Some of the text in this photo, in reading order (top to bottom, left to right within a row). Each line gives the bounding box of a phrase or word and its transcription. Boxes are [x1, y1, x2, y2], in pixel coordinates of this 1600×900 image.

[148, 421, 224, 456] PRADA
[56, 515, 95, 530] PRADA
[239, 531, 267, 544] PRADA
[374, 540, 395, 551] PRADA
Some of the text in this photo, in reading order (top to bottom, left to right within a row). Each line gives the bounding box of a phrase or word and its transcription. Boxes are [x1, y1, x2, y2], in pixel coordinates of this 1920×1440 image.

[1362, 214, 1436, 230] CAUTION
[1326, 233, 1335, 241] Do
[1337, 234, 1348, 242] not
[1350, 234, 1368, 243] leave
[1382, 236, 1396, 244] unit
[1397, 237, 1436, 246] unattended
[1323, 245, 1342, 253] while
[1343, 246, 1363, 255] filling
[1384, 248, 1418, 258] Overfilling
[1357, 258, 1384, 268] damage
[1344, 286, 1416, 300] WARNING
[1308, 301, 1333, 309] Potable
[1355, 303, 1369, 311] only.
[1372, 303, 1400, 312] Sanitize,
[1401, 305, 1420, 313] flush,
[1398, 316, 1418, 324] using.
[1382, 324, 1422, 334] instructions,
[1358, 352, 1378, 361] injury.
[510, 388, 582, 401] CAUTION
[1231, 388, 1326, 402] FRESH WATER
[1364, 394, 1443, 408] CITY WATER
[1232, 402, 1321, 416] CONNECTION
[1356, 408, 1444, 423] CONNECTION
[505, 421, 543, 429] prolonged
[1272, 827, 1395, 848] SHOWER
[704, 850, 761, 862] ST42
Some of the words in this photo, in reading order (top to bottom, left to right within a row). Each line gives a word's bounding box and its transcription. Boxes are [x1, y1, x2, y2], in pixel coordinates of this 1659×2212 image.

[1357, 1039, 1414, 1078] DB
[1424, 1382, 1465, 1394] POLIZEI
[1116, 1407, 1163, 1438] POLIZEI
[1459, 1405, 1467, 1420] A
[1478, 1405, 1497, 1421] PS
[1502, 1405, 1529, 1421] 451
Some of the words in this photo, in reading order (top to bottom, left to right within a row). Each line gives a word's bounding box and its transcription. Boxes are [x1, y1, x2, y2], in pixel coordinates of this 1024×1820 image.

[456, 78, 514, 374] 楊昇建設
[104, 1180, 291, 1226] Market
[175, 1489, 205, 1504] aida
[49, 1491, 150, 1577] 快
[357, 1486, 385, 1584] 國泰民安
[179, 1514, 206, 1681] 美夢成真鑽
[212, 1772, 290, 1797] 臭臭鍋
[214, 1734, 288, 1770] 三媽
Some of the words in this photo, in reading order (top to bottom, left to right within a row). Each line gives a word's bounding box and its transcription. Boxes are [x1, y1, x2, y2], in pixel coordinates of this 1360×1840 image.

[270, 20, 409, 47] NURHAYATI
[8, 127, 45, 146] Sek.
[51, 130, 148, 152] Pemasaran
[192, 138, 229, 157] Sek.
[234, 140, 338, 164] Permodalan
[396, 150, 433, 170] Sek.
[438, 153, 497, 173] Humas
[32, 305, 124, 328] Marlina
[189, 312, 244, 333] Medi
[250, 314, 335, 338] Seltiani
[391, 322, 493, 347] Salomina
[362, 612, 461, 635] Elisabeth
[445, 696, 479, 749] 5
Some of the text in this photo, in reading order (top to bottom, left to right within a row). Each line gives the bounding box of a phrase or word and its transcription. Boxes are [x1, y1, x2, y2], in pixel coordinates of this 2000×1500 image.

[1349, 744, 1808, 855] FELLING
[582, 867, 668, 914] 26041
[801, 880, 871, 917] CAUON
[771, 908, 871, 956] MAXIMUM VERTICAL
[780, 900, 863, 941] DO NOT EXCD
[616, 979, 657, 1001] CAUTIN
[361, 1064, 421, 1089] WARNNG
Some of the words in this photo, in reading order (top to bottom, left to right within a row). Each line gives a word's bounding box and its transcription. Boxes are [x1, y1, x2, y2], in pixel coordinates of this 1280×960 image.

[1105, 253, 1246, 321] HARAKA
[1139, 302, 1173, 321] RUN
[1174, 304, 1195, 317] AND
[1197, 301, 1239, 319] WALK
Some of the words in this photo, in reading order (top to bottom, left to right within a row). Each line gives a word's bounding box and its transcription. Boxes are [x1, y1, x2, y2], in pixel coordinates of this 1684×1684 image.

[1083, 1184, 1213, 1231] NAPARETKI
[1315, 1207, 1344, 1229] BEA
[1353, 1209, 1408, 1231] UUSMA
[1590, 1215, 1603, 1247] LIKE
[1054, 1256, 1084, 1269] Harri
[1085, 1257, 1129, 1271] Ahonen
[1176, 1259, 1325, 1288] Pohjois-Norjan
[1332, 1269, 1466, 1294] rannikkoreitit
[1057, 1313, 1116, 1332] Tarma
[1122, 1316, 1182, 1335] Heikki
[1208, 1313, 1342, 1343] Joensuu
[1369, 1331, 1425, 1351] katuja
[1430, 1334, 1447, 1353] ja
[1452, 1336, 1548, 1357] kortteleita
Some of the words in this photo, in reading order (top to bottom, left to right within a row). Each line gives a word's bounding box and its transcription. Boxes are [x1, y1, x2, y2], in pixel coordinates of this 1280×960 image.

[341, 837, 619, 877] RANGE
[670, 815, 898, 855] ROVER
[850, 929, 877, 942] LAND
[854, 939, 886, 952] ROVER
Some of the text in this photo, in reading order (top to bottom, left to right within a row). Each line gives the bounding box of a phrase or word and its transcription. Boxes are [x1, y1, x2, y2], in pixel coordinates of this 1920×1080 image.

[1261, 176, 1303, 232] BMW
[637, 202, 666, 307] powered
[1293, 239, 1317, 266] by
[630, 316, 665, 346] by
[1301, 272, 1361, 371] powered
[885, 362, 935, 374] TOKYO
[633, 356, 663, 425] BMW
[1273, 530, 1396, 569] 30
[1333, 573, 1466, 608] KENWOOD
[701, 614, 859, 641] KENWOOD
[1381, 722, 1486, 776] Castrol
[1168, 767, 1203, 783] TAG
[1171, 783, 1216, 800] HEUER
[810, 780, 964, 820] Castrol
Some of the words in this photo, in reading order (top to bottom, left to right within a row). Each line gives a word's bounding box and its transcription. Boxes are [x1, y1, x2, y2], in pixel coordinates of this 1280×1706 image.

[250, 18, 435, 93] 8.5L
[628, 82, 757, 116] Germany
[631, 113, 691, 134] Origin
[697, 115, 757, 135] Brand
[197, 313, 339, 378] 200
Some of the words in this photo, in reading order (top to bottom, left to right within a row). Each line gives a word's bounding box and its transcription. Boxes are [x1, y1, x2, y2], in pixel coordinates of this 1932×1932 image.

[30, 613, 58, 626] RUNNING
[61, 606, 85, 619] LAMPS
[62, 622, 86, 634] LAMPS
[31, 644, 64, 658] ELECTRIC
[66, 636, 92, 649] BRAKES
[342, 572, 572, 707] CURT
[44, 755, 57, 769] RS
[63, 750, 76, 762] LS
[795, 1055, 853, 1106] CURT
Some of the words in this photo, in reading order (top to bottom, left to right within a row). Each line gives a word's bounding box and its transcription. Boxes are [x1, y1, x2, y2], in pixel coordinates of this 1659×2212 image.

Work request: All records are to be retyped exactly. None may be omitted.

Output for this task:
Some of the text in this photo, in reading order (top to bottom, left to right within a row). Each line gives the bounding box of a phrase or word and its transcription. Boxes are [x1, y1, x2, y2], in pixel coordinates of this 1600×900 image.

[148, 421, 224, 456] PRADA
[56, 515, 95, 530] PRADA
[239, 531, 267, 544] PRADA
[374, 540, 395, 551] PRADA
Some of the text in this photo, in reading order (top to bottom, left to right within a row). Each line gives the bounding box of a phrase or word and its transcription. Boxes are [x1, y1, x2, y2], in pixel coordinates of this 1920×1440 image.

[1362, 214, 1436, 230] CAUTION
[1326, 233, 1335, 241] Do
[1337, 234, 1348, 242] not
[1350, 234, 1368, 243] leave
[1382, 236, 1396, 244] unit
[1397, 237, 1436, 246] unattended
[1323, 245, 1342, 253] while
[1343, 246, 1363, 255] filling
[1384, 248, 1418, 258] Overfilling
[1357, 258, 1384, 268] damage
[1344, 286, 1416, 300] WARNING
[1308, 301, 1333, 309] Potable
[1355, 303, 1369, 311] only.
[1372, 303, 1400, 312] Sanitize,
[1401, 305, 1420, 313] flush,
[1398, 316, 1418, 324] using.
[1382, 324, 1422, 334] instructions,
[1358, 352, 1378, 361] injury.
[510, 388, 582, 401] CAUTION
[1231, 388, 1326, 402] FRESH WATER
[1364, 394, 1443, 408] CITY WATER
[1232, 402, 1321, 416] CONNECTION
[1356, 408, 1444, 423] CONNECTION
[505, 421, 543, 429] prolonged
[1272, 827, 1395, 848] SHOWER
[704, 850, 761, 862] ST42
Some of the words in this photo, in reading order (top to bottom, left to right within a row). Each line gives a word's bounding box and its transcription. Boxes are [x1, y1, x2, y2], in pixel coordinates of this 1659×2212 image.

[1357, 1039, 1414, 1078] DB
[1424, 1382, 1465, 1394] POLIZEI
[1116, 1407, 1163, 1438] POLIZEI
[1459, 1405, 1467, 1420] A
[1478, 1405, 1497, 1421] PS
[1502, 1405, 1529, 1421] 451
Some of the words in this photo, in reading order (top to bottom, left to right within a row). Each line gives a word's bounding box and its transcription. Boxes are [x1, y1, x2, y2], in pixel coordinates of this 1024×1820 image.

[456, 78, 514, 374] 楊昇建設
[104, 1180, 291, 1226] Market
[175, 1489, 205, 1504] aida
[49, 1491, 150, 1577] 快
[357, 1486, 385, 1584] 國泰民安
[179, 1514, 206, 1681] 美夢成真鑽
[212, 1772, 290, 1797] 臭臭鍋
[214, 1734, 288, 1770] 三媽
Some of the words in this photo, in reading order (top to bottom, left to right within a row). Each line gives a word's bounding box and its transcription. Boxes are [x1, y1, x2, y2], in pixel coordinates of this 1360×1840 image.

[270, 20, 409, 47] NURHAYATI
[8, 127, 45, 146] Sek.
[51, 130, 148, 152] Pemasaran
[192, 138, 229, 157] Sek.
[234, 140, 338, 164] Permodalan
[396, 150, 433, 170] Sek.
[438, 153, 497, 173] Humas
[32, 305, 124, 328] Marlina
[189, 312, 244, 333] Medi
[250, 314, 335, 338] Seltiani
[391, 322, 493, 347] Salomina
[362, 612, 461, 635] Elisabeth
[445, 696, 479, 749] 5
Some of the text in this photo, in reading order (top to bottom, left to right within a row). Each line gives the bounding box of a phrase or word and its transcription. Boxes are [x1, y1, x2, y2], in pixel coordinates of this 2000×1500 image.

[1349, 744, 1808, 855] FELLING
[582, 867, 668, 914] 26041
[801, 880, 871, 917] CAUON
[771, 908, 871, 956] MAXIMUM VERTICAL
[780, 900, 863, 941] DO NOT EXCD
[616, 979, 657, 1001] CAUTIN
[361, 1064, 421, 1089] WARNNG
Some of the words in this photo, in reading order (top to bottom, left to right within a row). Each line gives a word's bounding box and its transcription. Boxes are [x1, y1, x2, y2], in pixel coordinates of this 1280×960 image.

[1105, 253, 1246, 321] HARAKA
[1139, 302, 1173, 321] RUN
[1174, 304, 1195, 317] AND
[1197, 301, 1239, 319] WALK
Some of the words in this photo, in reading order (top to bottom, left to right within a row). Each line gives a word's bounding box and its transcription. Boxes are [x1, y1, x2, y2], in pixel coordinates of this 1684×1684 image.

[1083, 1184, 1213, 1231] NAPARETKI
[1315, 1207, 1344, 1229] BEA
[1353, 1209, 1408, 1231] UUSMA
[1590, 1215, 1603, 1247] LIKE
[1054, 1256, 1084, 1269] Harri
[1085, 1257, 1129, 1271] Ahonen
[1176, 1259, 1325, 1288] Pohjois-Norjan
[1332, 1269, 1466, 1294] rannikkoreitit
[1057, 1313, 1116, 1332] Tarma
[1122, 1316, 1182, 1335] Heikki
[1208, 1313, 1342, 1343] Joensuu
[1369, 1331, 1425, 1351] katuja
[1430, 1334, 1447, 1353] ja
[1452, 1336, 1548, 1357] kortteleita
Some of the words in this photo, in reading order (top to bottom, left to right within a row). Each line gives a word's bounding box and its transcription. Boxes are [x1, y1, x2, y2], in pixel coordinates of this 1280×960 image.

[341, 837, 619, 877] RANGE
[670, 815, 898, 855] ROVER
[850, 929, 877, 942] LAND
[854, 939, 886, 952] ROVER
Some of the text in this photo, in reading order (top to bottom, left to right within a row). Each line gives the bounding box of a phrase or word and its transcription. Boxes are [x1, y1, x2, y2], in pixel coordinates of this 1920×1080 image.

[1261, 176, 1303, 232] BMW
[637, 202, 666, 307] powered
[1293, 239, 1317, 266] by
[630, 316, 665, 346] by
[1301, 272, 1361, 371] powered
[885, 362, 935, 374] TOKYO
[633, 356, 663, 425] BMW
[1273, 530, 1396, 569] 30
[1333, 573, 1466, 608] KENWOOD
[701, 614, 859, 641] KENWOOD
[1381, 722, 1486, 776] Castrol
[1168, 767, 1203, 783] TAG
[1171, 783, 1216, 800] HEUER
[810, 780, 964, 820] Castrol
Some of the words in this photo, in reading order (top to bottom, left to right within a row). Each line gives a word's bounding box and its transcription. Boxes are [x1, y1, x2, y2], in pixel coordinates of this 1280×1706 image.

[250, 18, 435, 93] 8.5L
[628, 82, 757, 116] Germany
[631, 113, 691, 134] Origin
[697, 115, 757, 135] Brand
[197, 313, 339, 378] 200
Some of the words in this photo, in reading order (top to bottom, left to right within a row). Each line gives a word's bounding box and its transcription. Boxes are [x1, y1, x2, y2], in pixel coordinates of this 1932×1932 image.

[30, 613, 58, 626] RUNNING
[61, 606, 85, 619] LAMPS
[62, 622, 86, 634] LAMPS
[31, 644, 64, 658] ELECTRIC
[66, 636, 92, 649] BRAKES
[342, 572, 572, 707] CURT
[44, 755, 57, 769] RS
[63, 750, 76, 762] LS
[795, 1055, 853, 1106] CURT
Some of the words in this photo, in reading order (top to bottom, left to right within a row). Each line gives a word's bounding box and its transcription. Boxes are [x1, y1, x2, y2], in pixel coordinates of this 1659×2212 image.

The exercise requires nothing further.